- **Task requirements**
Transcribe each record exactly, but omit pictures.

BEGIN Listed entries

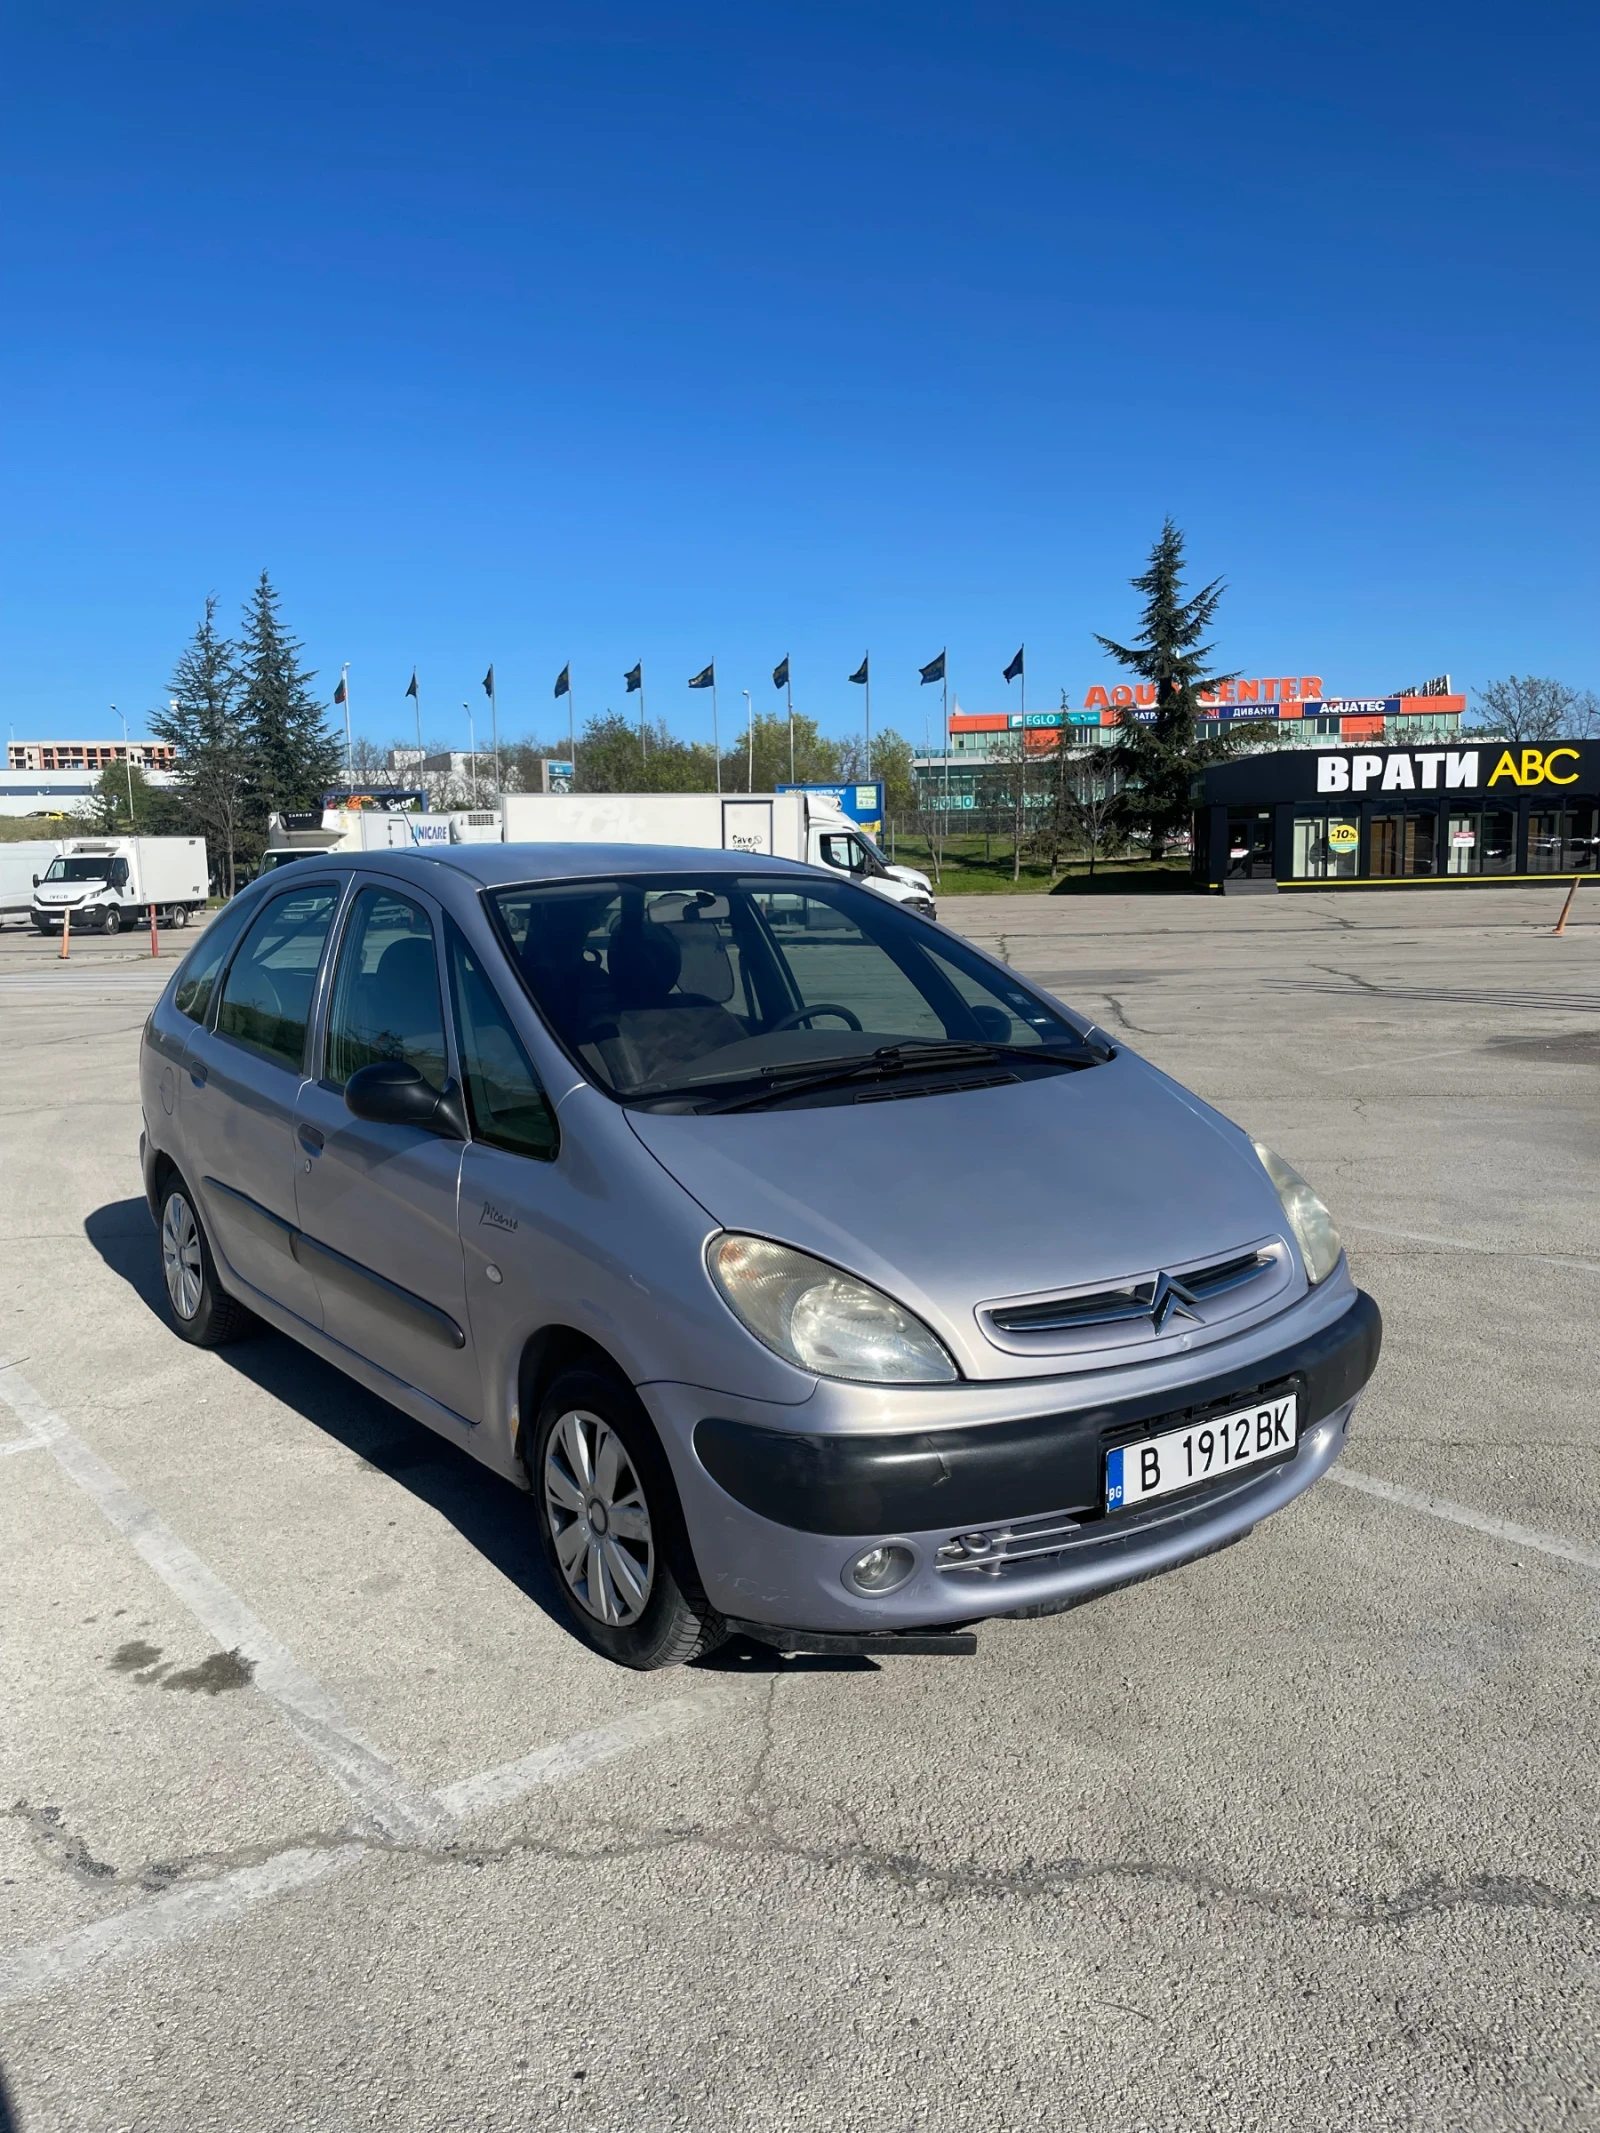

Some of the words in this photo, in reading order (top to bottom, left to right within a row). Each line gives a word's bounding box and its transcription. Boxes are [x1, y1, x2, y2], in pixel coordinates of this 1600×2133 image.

[1084, 683, 1181, 707] AQU
[1233, 706, 1275, 717] ДИВАНИ
[1319, 700, 1386, 713] AQUATEC
[1026, 714, 1056, 725] EGLO
[1317, 751, 1479, 792] ВРАТИ
[1486, 748, 1581, 787] ABC
[1331, 829, 1357, 839] -10%
[1141, 1446, 1161, 1492] B
[1108, 1486, 1122, 1501] BG
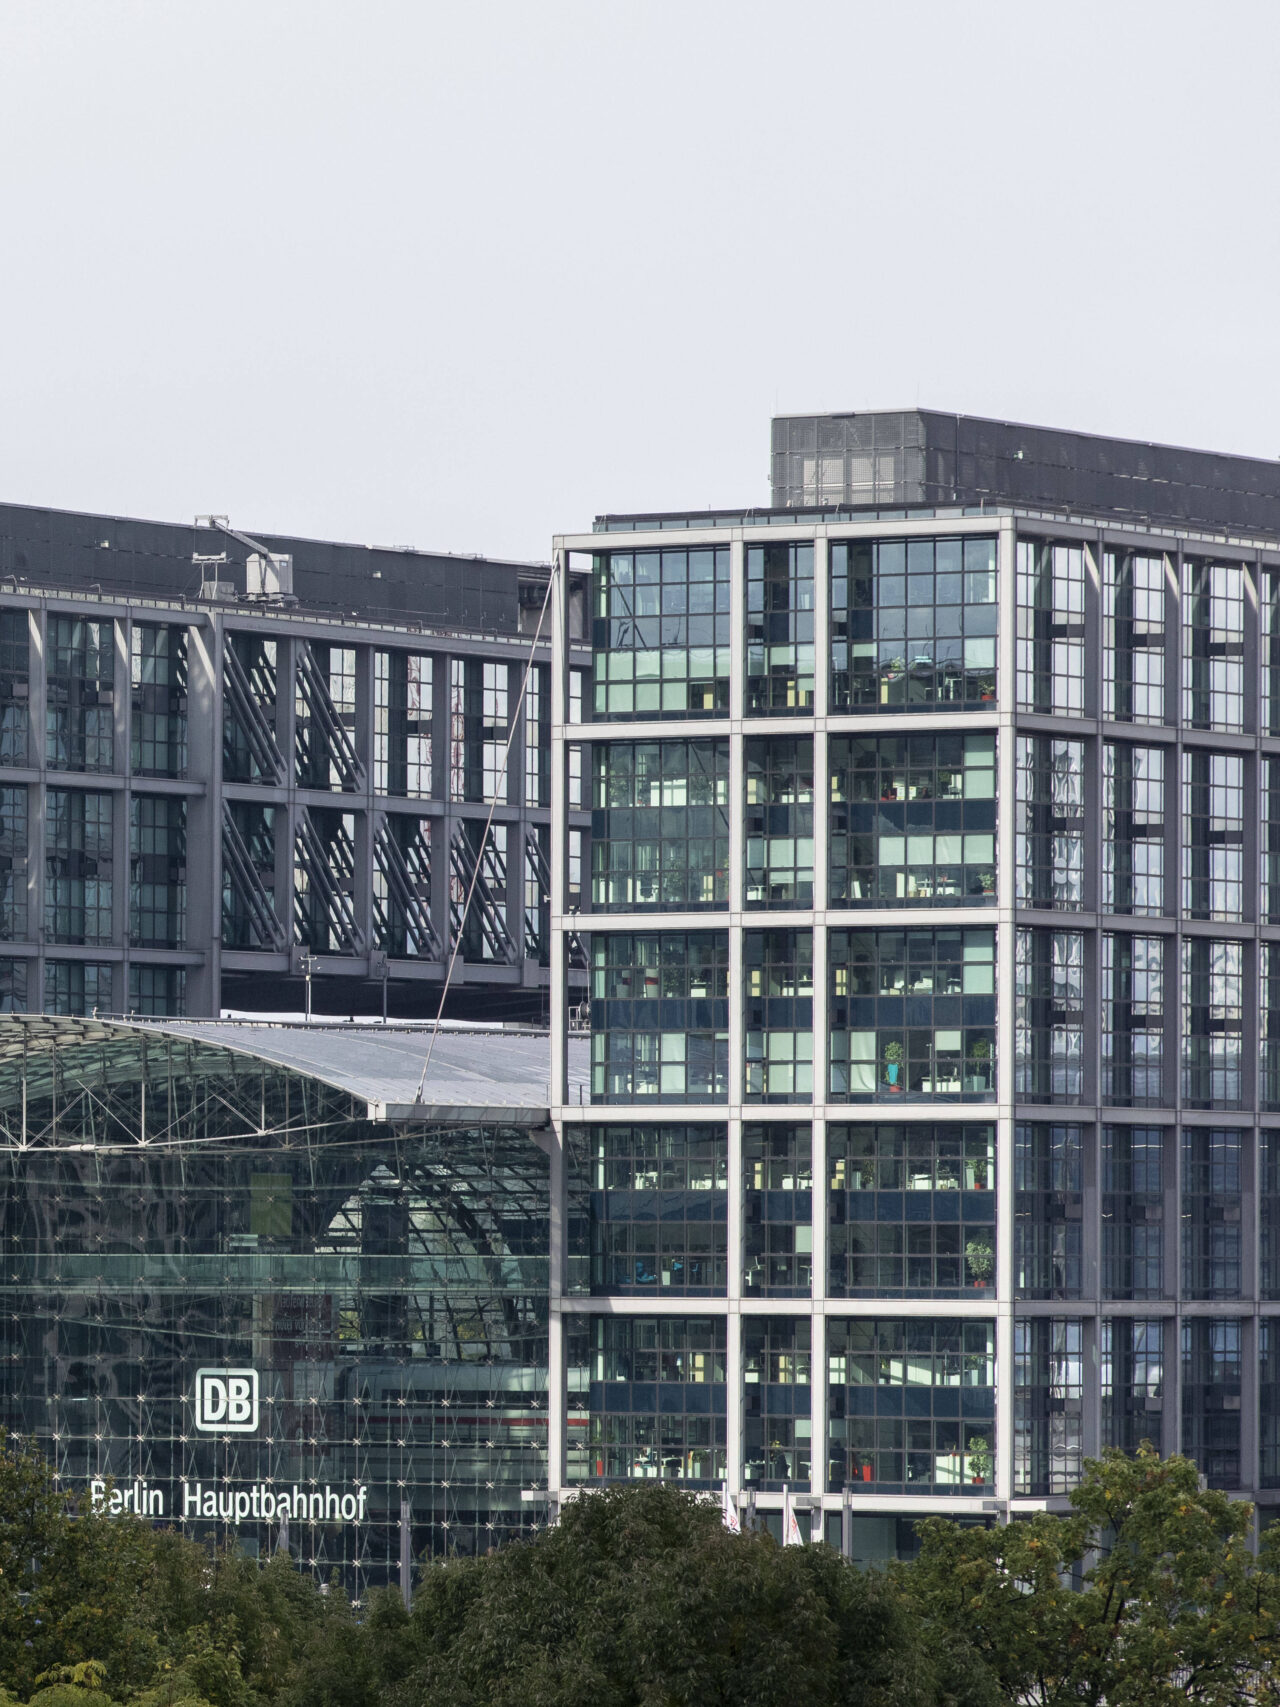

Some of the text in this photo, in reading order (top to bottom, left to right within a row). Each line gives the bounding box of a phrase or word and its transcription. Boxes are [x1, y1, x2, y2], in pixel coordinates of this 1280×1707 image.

[203, 1378, 251, 1421] DB
[91, 1481, 367, 1525] Berlin Hauptbahnhof
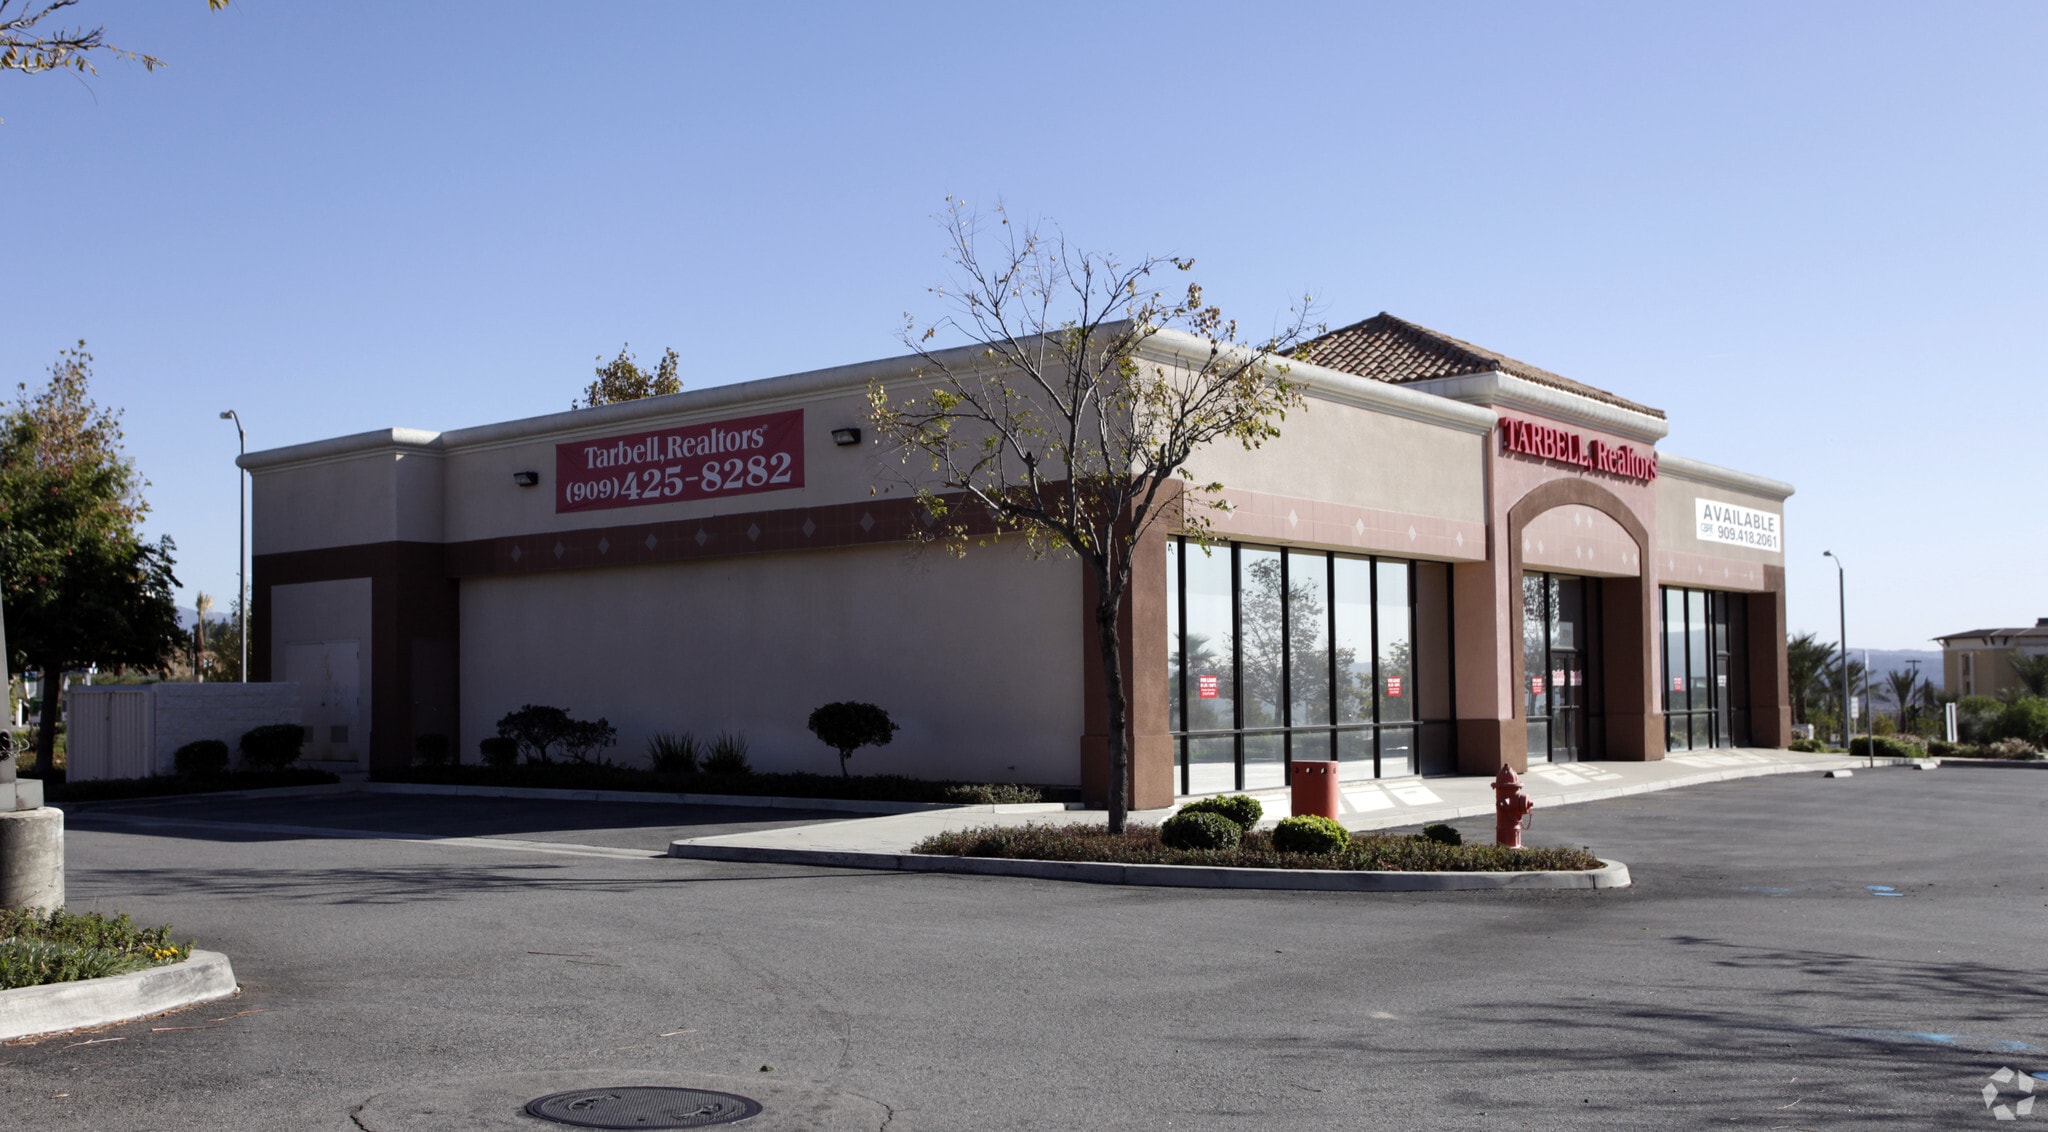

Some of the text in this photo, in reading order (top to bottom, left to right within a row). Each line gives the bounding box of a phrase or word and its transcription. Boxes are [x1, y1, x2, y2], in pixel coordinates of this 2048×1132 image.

END Listed entries

- **Written reply**
Some of the words in this photo, in reading order (top to bottom, left to right within a row). Each line gives a word's bounding box and its transcription. Boxes are [x1, y1, x2, y2], in pixel coordinates of this 1600×2133 image.

[1084, 683, 1181, 707] AQU
[1233, 706, 1275, 717] ДИВАНИ
[1319, 700, 1386, 713] AQUATEC
[1026, 714, 1056, 725] EGLO
[1317, 751, 1479, 792] ВРАТИ
[1486, 748, 1581, 787] ABC
[1331, 829, 1357, 839] -10%
[1141, 1446, 1161, 1492] B
[1108, 1486, 1122, 1501] BG

Some of the text in this photo, in reading order (top to bottom, left to right within a row). Each line gives the bounding box of a phrase or word and its transcription. Boxes are [x1, y1, x2, y2], in pixel coordinates of this 1280×1707 image.

[203, 1378, 251, 1421] DB
[91, 1481, 367, 1525] Berlin Hauptbahnhof

Some of the text in this photo, in reading order (top to bottom, left to right within a row). Each line gives the bounding box of a phrase or word and its transcription. Boxes are [x1, y1, x2, y2], in pixel coordinates of this 2048×1132 image.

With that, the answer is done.